History sometimes offers us the chance to stand up and be counted. Some restaurateurs are seizing this moment, others not so much. I wish there weren’t a scorecard now, but it’s there. I can’t NOT look at it.
My friend and boss Joe Phillips is on the right side of history.
Why some restaurants are keeping their doors closed in states that have reopened, despite backlash, by Ashlie Stevens (Salon)
“I have a huge problem with people choosing profit over people. And I would rather go bankrupt”
At Pints & Union, a pub in New Albany, Ind., a skeleton crew readies for a rush of Saturday evening to-go orders. Save the sounds of that kitchen prep, it doesn’t feel much like a restaurant anymore. The smell of beer has been replaced by the smell of bleach, while the wooden booths have long been sanitized and subsequently covered in plastic. Occasionally, a pedestrian tries to open the bright red front door —rattling it against its navy frame — but it’s been locked for weeks.

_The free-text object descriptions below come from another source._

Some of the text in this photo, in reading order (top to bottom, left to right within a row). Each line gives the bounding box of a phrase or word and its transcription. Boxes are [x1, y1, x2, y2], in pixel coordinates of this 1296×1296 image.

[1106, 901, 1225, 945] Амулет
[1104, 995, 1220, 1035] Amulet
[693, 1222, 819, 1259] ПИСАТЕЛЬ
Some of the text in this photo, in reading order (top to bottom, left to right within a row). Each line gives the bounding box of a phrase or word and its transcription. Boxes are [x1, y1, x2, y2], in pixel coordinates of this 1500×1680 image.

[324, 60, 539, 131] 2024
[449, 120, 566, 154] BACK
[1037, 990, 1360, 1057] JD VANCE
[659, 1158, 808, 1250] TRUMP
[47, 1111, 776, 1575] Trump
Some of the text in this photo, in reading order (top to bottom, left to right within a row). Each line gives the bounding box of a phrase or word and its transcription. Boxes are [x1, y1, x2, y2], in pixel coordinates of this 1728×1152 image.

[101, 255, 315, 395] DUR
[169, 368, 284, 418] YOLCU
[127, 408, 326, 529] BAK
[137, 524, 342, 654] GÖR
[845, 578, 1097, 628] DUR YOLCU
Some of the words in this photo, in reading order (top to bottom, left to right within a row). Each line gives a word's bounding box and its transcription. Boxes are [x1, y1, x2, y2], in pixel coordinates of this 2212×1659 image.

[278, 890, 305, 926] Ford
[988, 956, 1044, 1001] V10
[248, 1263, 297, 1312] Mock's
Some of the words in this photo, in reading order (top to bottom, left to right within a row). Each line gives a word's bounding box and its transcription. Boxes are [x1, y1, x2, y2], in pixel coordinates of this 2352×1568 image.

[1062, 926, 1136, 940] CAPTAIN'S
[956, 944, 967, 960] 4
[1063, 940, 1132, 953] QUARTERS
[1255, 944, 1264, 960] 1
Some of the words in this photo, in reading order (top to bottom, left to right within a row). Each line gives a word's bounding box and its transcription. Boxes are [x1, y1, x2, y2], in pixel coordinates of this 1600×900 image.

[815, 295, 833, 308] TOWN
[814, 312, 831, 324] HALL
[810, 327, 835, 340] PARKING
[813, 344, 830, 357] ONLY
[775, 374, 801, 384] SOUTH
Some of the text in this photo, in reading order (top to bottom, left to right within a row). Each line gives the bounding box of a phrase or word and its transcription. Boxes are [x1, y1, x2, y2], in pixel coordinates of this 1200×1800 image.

Takeout orders are now called into the restaurant and paid for via phone; once they are ready and the customer is outside, only then is the door briefly opened by a masked and gloved employee who places the carryout bag on a small table nearby to be retrieved.
According to owner Joe Phillips, this is the way Pints & Union is going to operate for the foreseeable future as a way to prevent the continued spread of the novel coronavirus. This is despite the fact that Indiana Governor Eric Holcomb cleared all restaurants in the state (save those in three “hotspot” counties: Marion, Lake, and Cass) to open at 50% capacity as of May 4.
“There’s a lack of testing in southern Indiana,” Phillips said. “There’s only one place you can get tested locally — it’s the health department — and it’s only open on Saturdays from 11 to 1, and you have to have symptoms. So no one is getting tested.”
However, in late March, the chief medical officer at Baptist Health in New Albany called Floyd County, in which the city is located, a “hotspot for the coronavirus” after over 20 people tested positive.
The amount of unknowns about the virus and its spread is, Phillips said, his largest deterrent against reopening.
“I have a huge problem with people choosing profit over people,” Phillips said. “And I would rather go bankrupt.”